» EXERCISE DESCRIPTION
Extract, word for word, each line from the line holding "this 1122×1203 image." through the end of the records. Omit every picture.

Saved data entries:
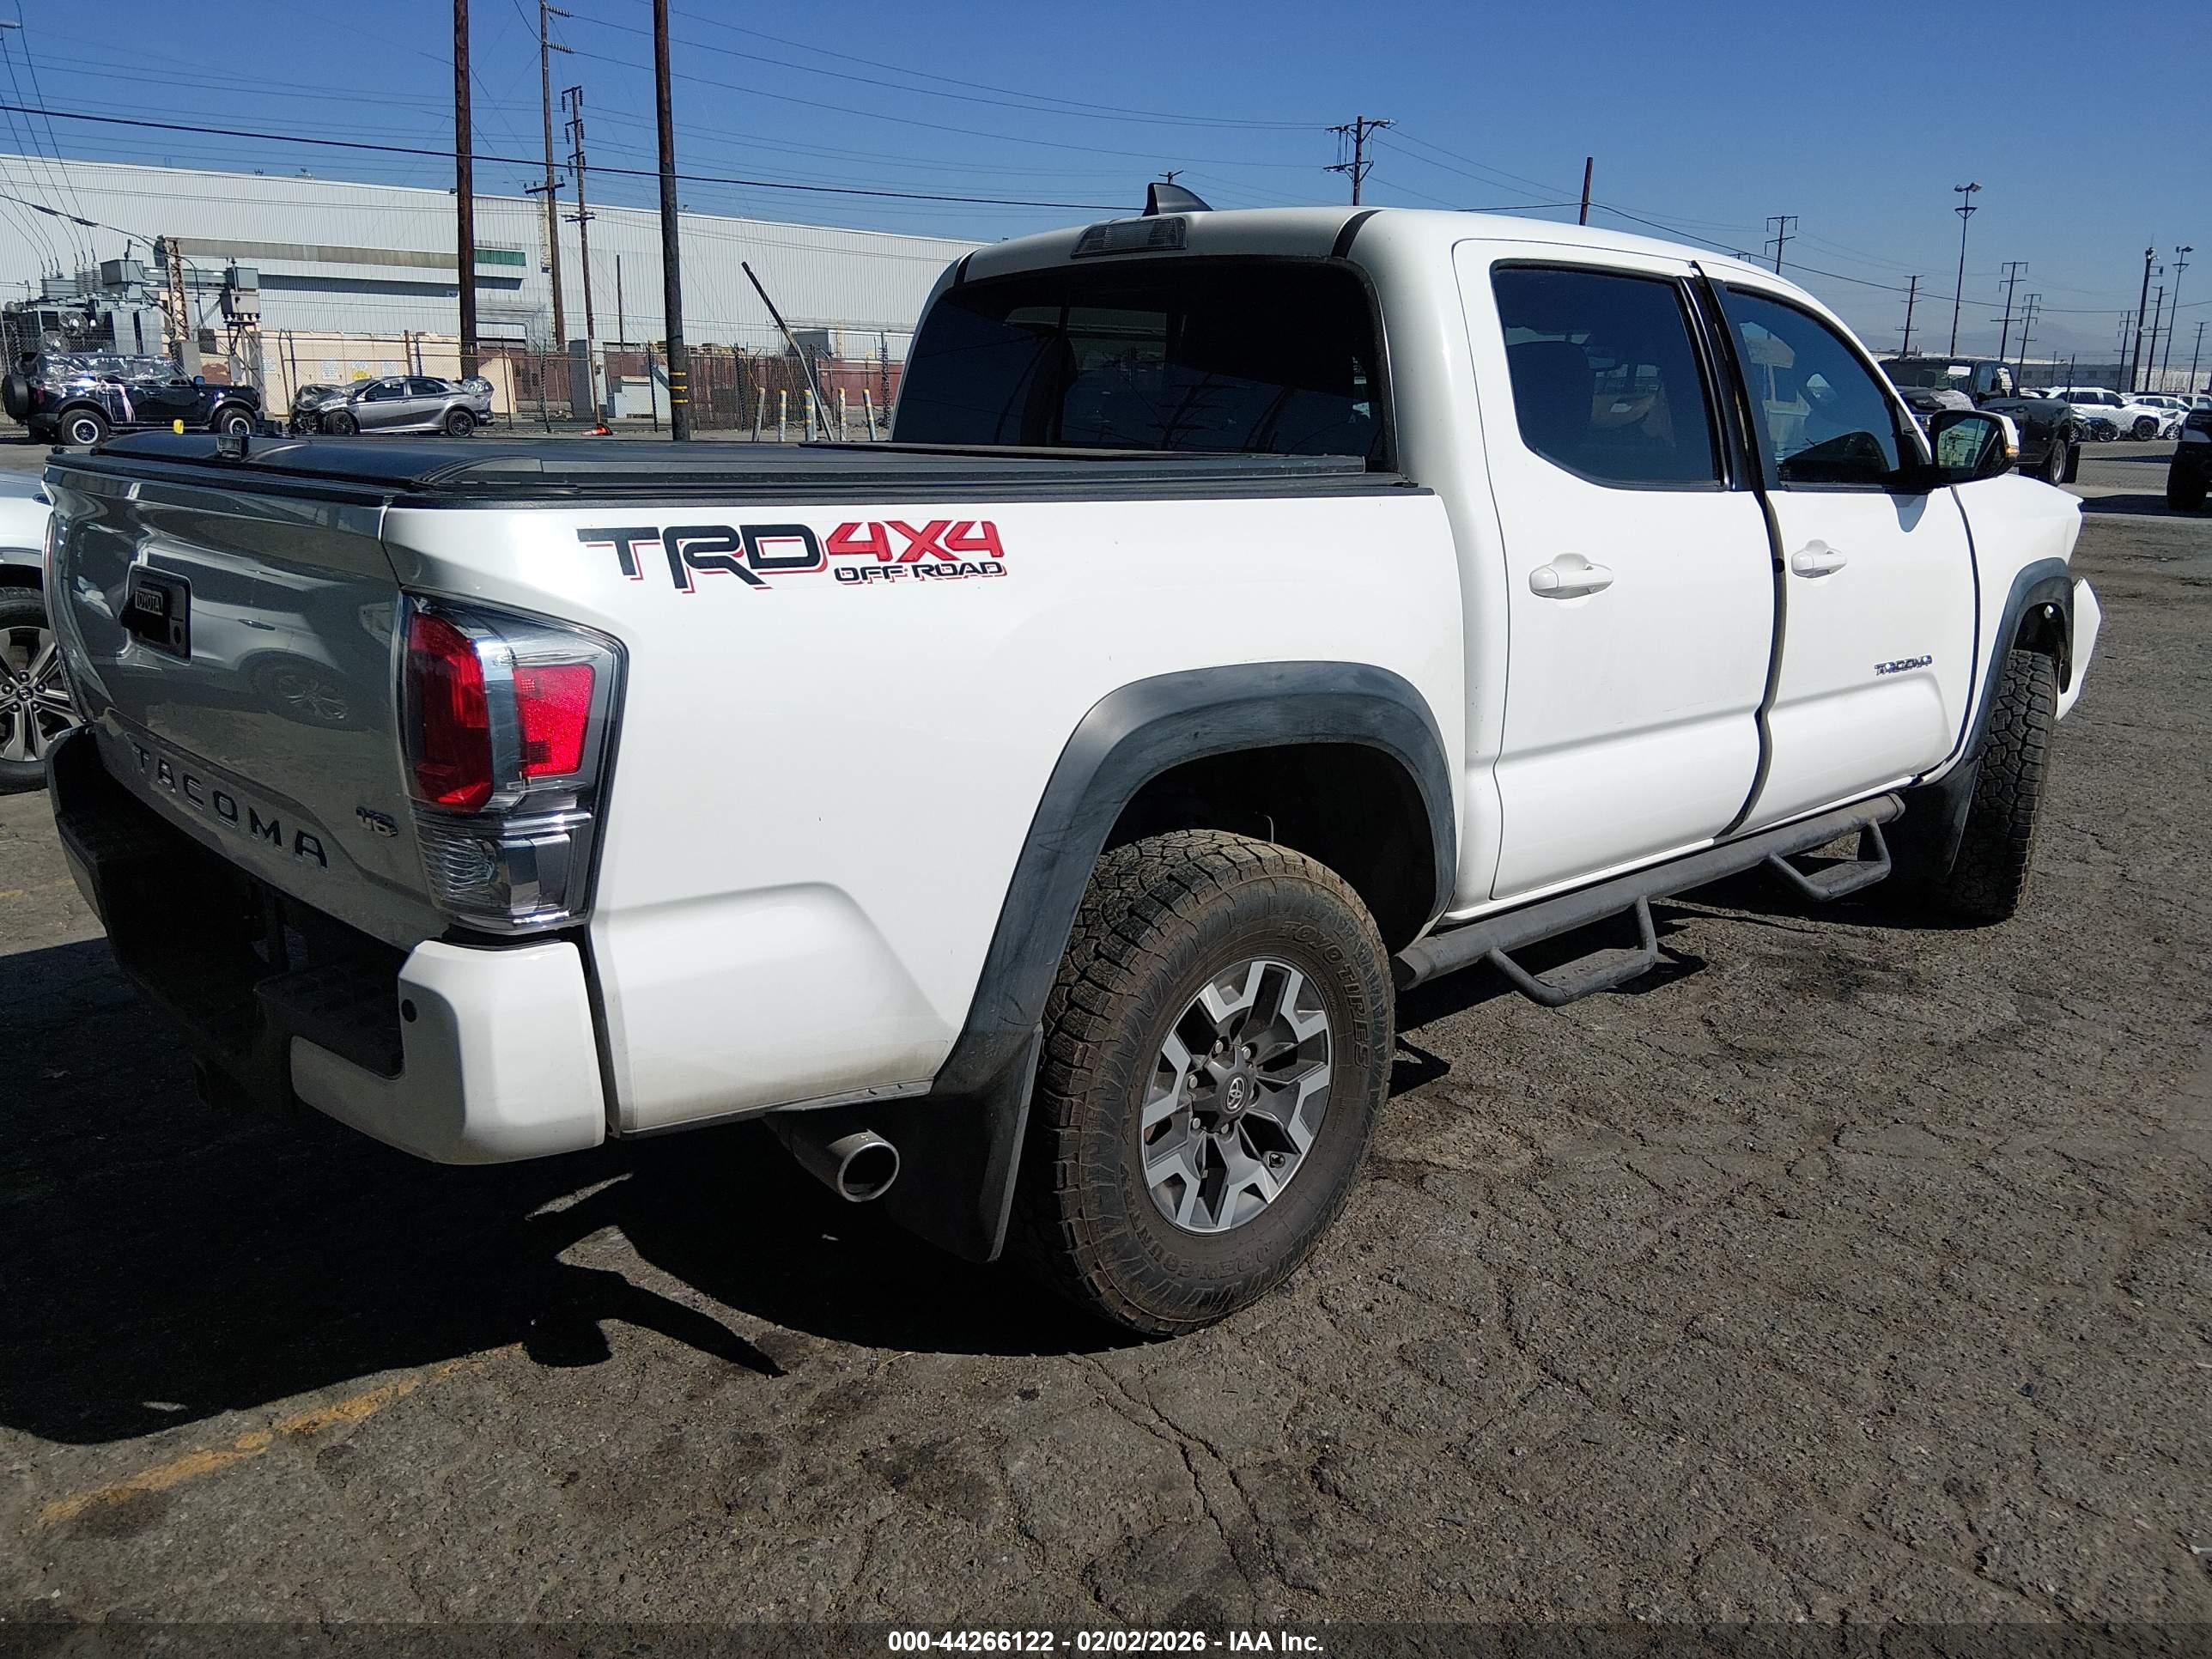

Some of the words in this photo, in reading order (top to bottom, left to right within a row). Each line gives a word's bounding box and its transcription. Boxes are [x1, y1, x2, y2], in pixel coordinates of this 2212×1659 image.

[576, 523, 828, 593] TRD
[825, 519, 1005, 563] 4X4
[834, 565, 907, 586] OFF
[912, 561, 1008, 584] ROAD
[135, 591, 161, 612] TOYOTA
[132, 741, 329, 872] TACOMA
[1336, 963, 1372, 1070] TIRES
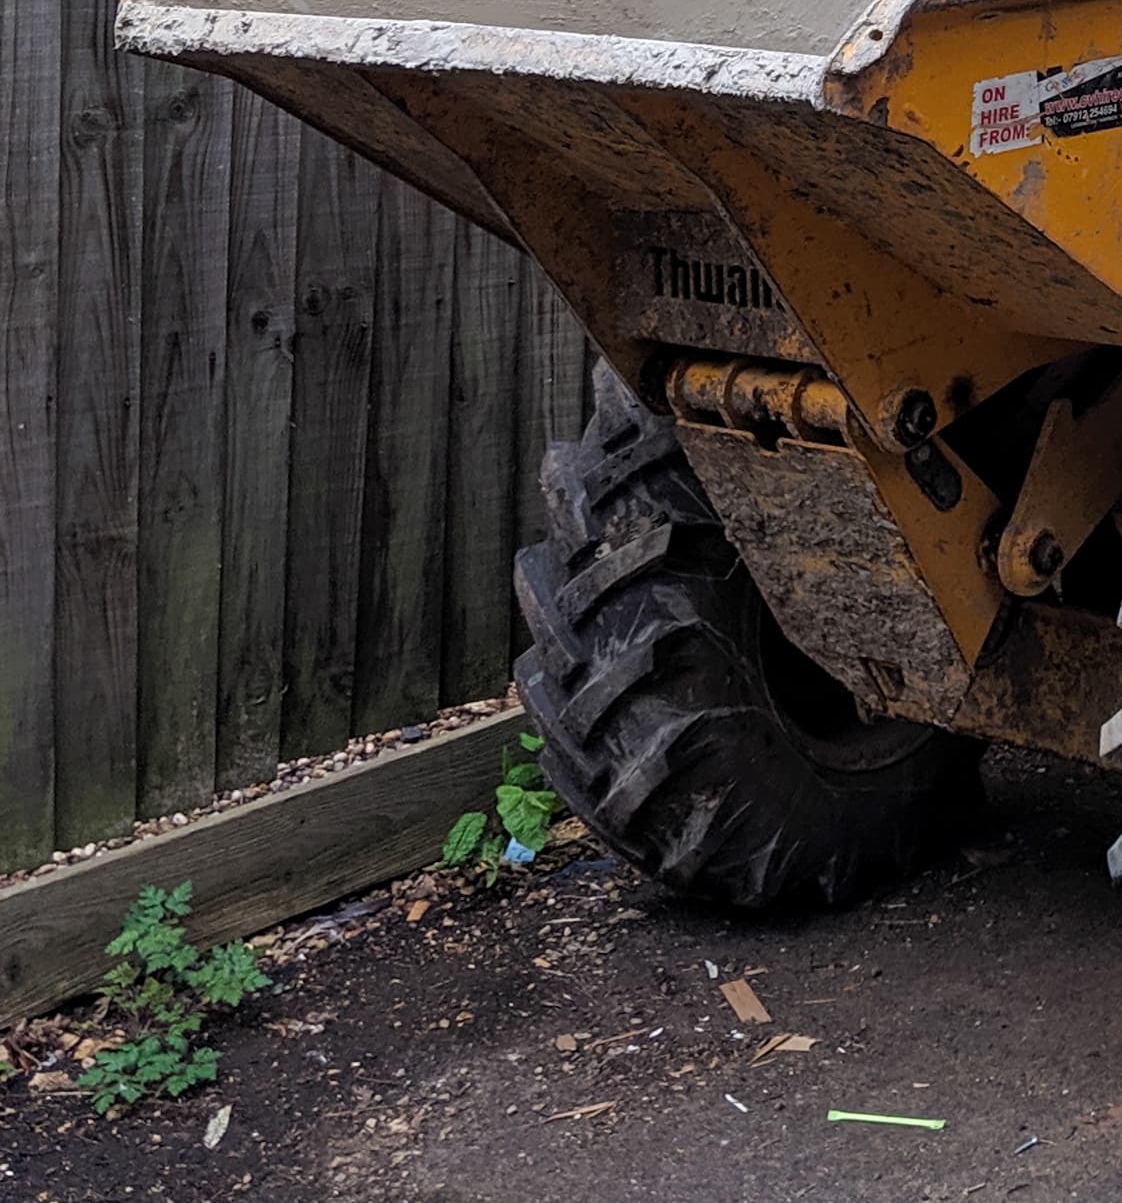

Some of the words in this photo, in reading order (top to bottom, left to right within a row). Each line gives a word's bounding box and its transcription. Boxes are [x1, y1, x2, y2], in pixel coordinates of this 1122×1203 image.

[982, 85, 1005, 103] ON
[980, 104, 1019, 125] HIRE
[979, 124, 1029, 148] FROM:
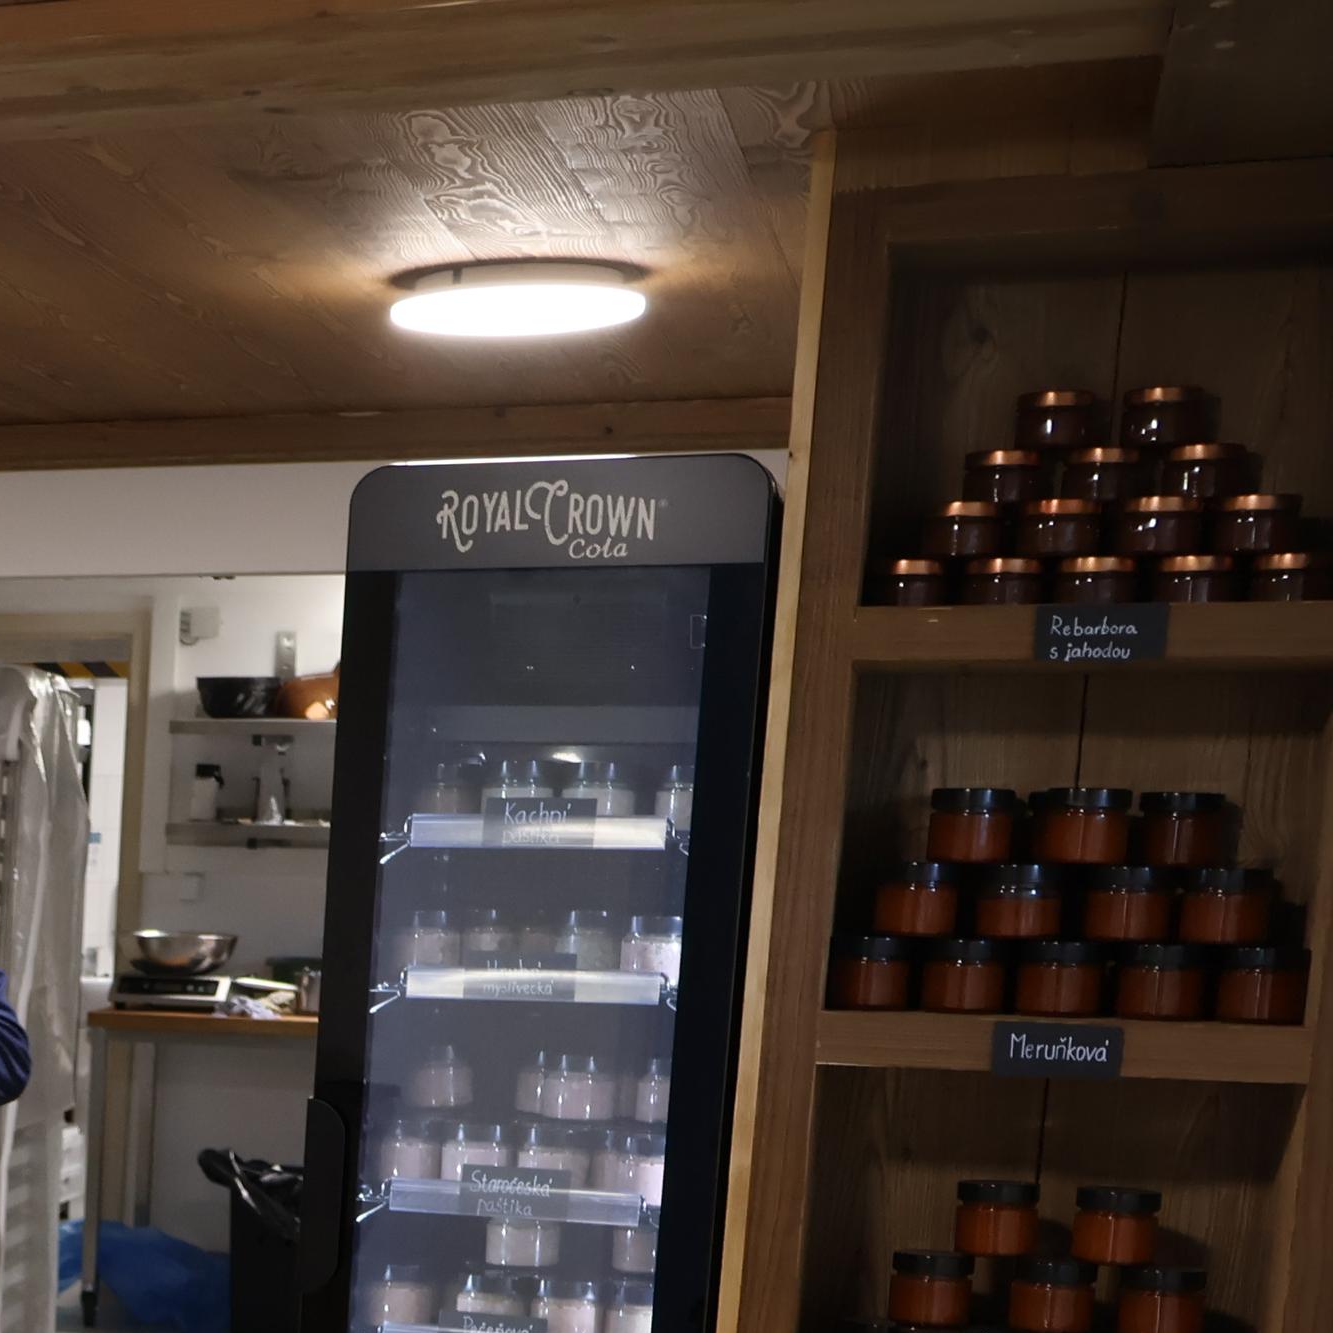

» REPLY
Some of the words in this photo, in reading order (top to bottom, left to right within a row). Each line gives a word's bounding box and its transcription. Boxes are [x1, y1, x2, y2], in pixel coordinates of this 1122×1203 image.

[982, 85, 1005, 103] ON
[980, 104, 1019, 125] HIRE
[979, 124, 1029, 148] FROM:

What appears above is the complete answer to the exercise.